Однако в 1915 году Святейший синод возглавил Самарин, человек энергичный и просвещенный, которому удалось убедить государя и государыню удалить Распутина. Они его удалили. Осуществилась единодушная мечта всех классов общества. Но облегчение было недолгим. Вновь резко обострилась болезнь цесаревича. Императрица некоторое время боролась сама с собой, потом, прислушавшись к советам Вырубовой, призвала Распутина.
В этот день началось подлинное разрушение преданности и уважения народа к своим государям. Разрушение это, шедшее по нарастающей, должно было в скором времени привести несчастную семью в подвал Ипатьевского дома.
Но присутствие и роль Распутина, к которым я еще вернусь, были не единственными причинами падения уважения к императорской чете.
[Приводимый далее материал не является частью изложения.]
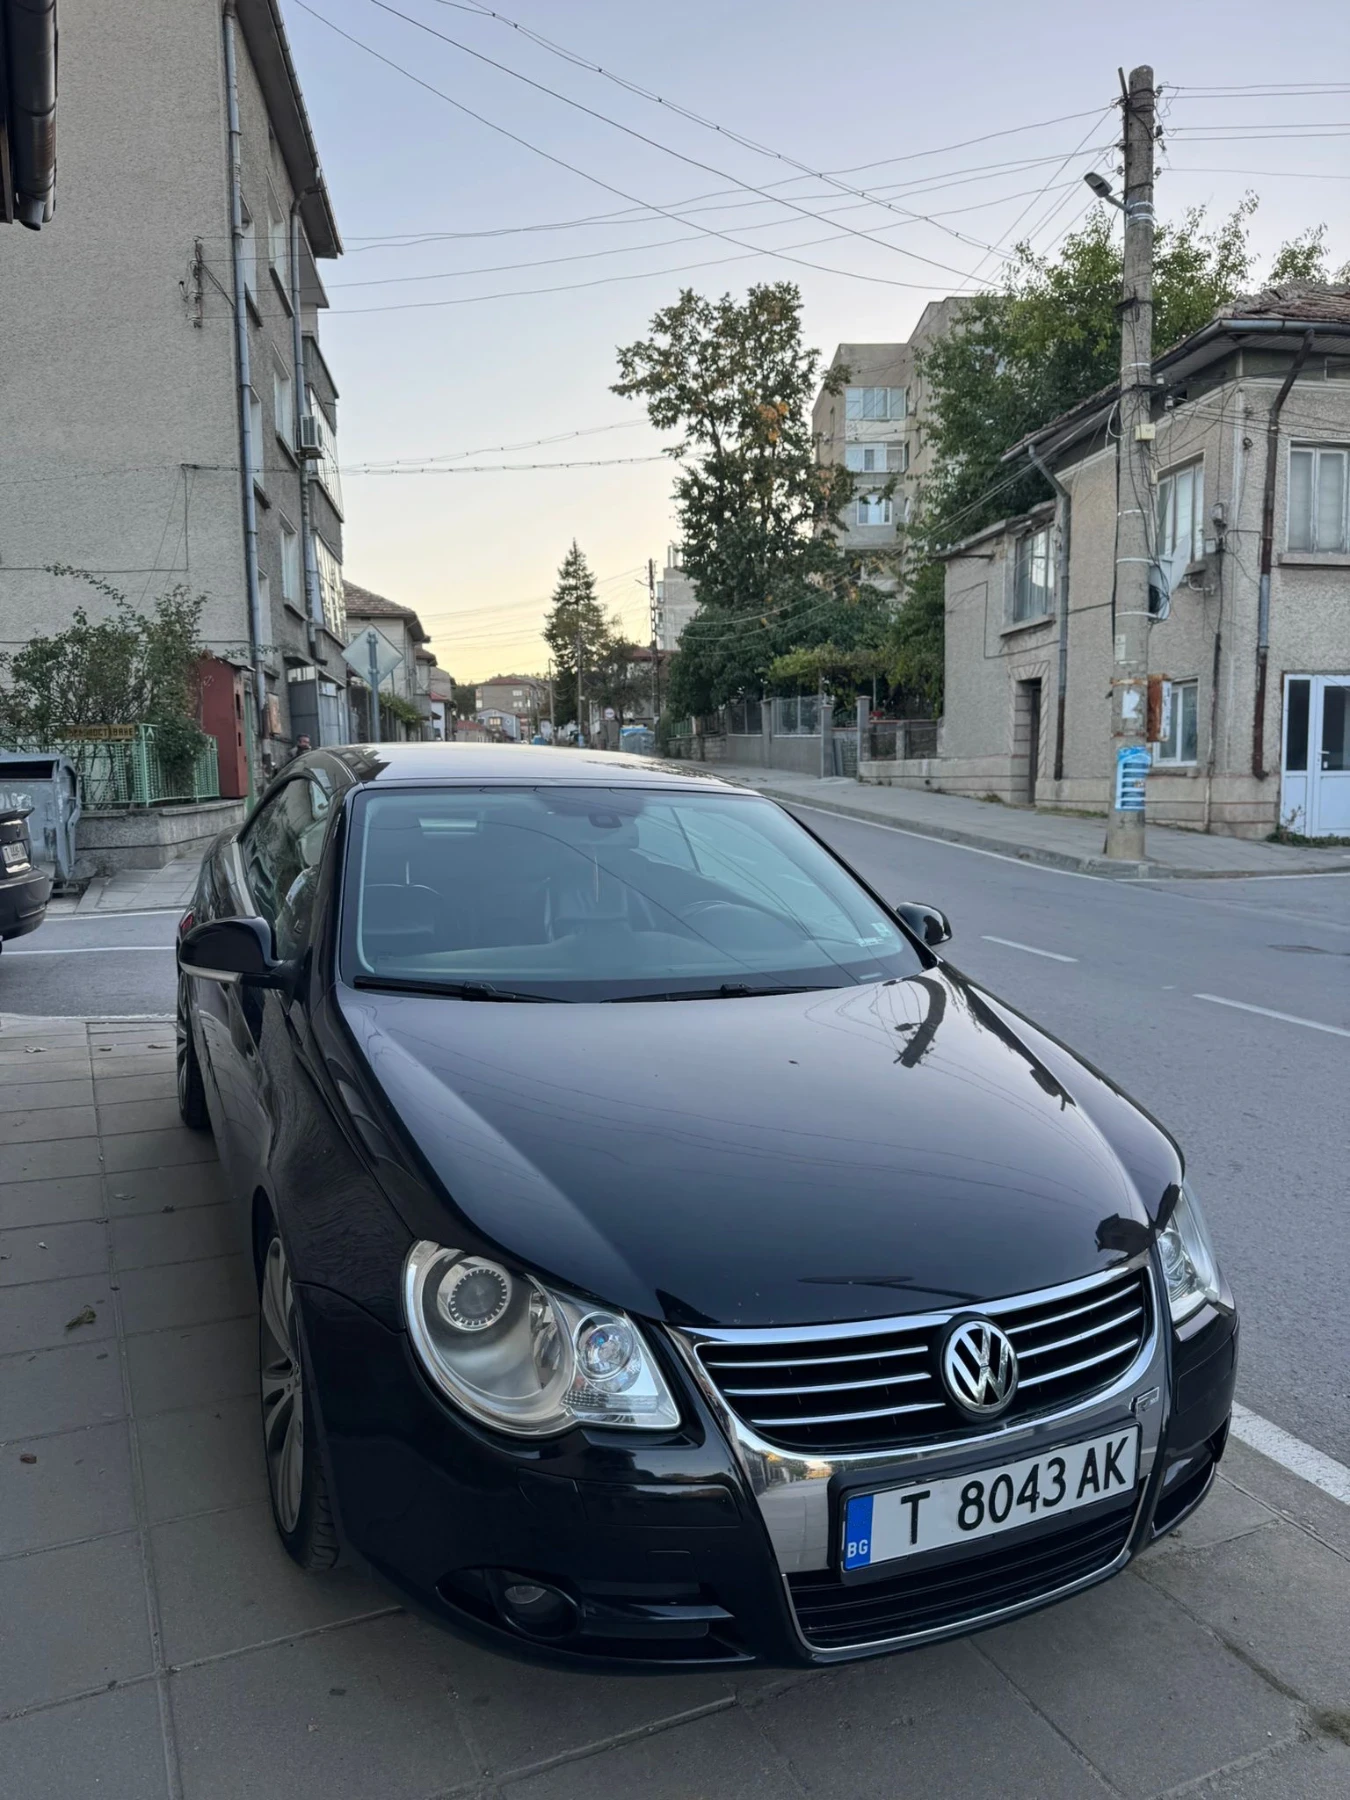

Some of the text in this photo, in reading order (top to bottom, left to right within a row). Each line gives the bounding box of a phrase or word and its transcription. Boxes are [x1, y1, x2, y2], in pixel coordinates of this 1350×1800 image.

Надо сказать, что императорская фамилия долгое время совершала ошибки и неудачные шаги, чреватые тяжелыми последствиями. Рассмотрим некоторые из них.
С одной стороны, русский народ, всегда чувствительный к внешним проявлениям, был особо восприимчив к роскошным церемониям. С другой стороны, его низкий культурный уровень, мистицизм и всегдашняя политика царей по отношению к нему создали у него представление о божественности царской власти. Своих царей народ помещал где-то между людьми и Богом. Ставшие редкими церемонии и выходы монарха уменьшили его престиж в глазах простого народа больше, чем можно было предполагать. Усилия царицы вести себя с начала войны подобно обычной женщине, предпринятые с самыми благими намерениями, не достигли своей цели. Ее простое обращение с людьми во время работы в госпиталях было неэффективно еще и потому, что было неестественным. Она привыкла к одежде санитарки и уже не расставалась с нею. В более буржуазной стране такая линия поведения была бы удачной и обязательно доставила бы государыне любовь подданных, как доставила она ее бельгийской королеве, но в России 1916 года, слишком напыщенной и восточной, она лишь свела царицу с пьедестала.
Лишившуюся своего священного ореола императрицу рассматривали вблизи, критиковали и обсуждали, как обыкновенную женщину, на каковую она и стремилась походить. Все ее недостатки и ошибки, которые, конечно, у нее были, не прикрываемые более божественным и императорским величием, стали заметны. Этого не случилось бы, если бы она стояла далеко. А так люди не упускали ни одного ее шага.
Ее проклинали за немецкое происхождение; ее подозревали в недостатке любви к России, в германофилии, однажды заподозрили в предательстве. Кажется, что последнее было несправедливо. Надо помнить, что принцесса Алиса была воспитана при английском дворе. А главное – ее мечтой, чуть ли не навязчивой идеей, было сохранение для сына абсолютной власти, и эта идея никак не могла увязаться с какой бы то ни было любовью к Германии. Следует также сообщить, что, когда в 1918 году кайзер предлагал свою помощь в вызволении императорской семьи из рук революционеров, императрица наотрез отказалась от спасения, которым была бы обязана «врагу своей страны».
Но широкая «общественность» даже не знала, что при дворе никогда не говорят на немецком. Основываясь на внешних проявлениях, она видела немецкие фамилии членов императорского окружения и, естественно, рассматривала их носителей как шпионов.
По этому поводу ходил анекдот. Император созвал представителей земств. После встречи один такой делегат, вернувшись к себе в провинцию, отвечает на вопросы домашних.
– Мне выпало счастье видеть царя, – говорит делегат.
– Ах! – умиляется семья. – Государь здоров?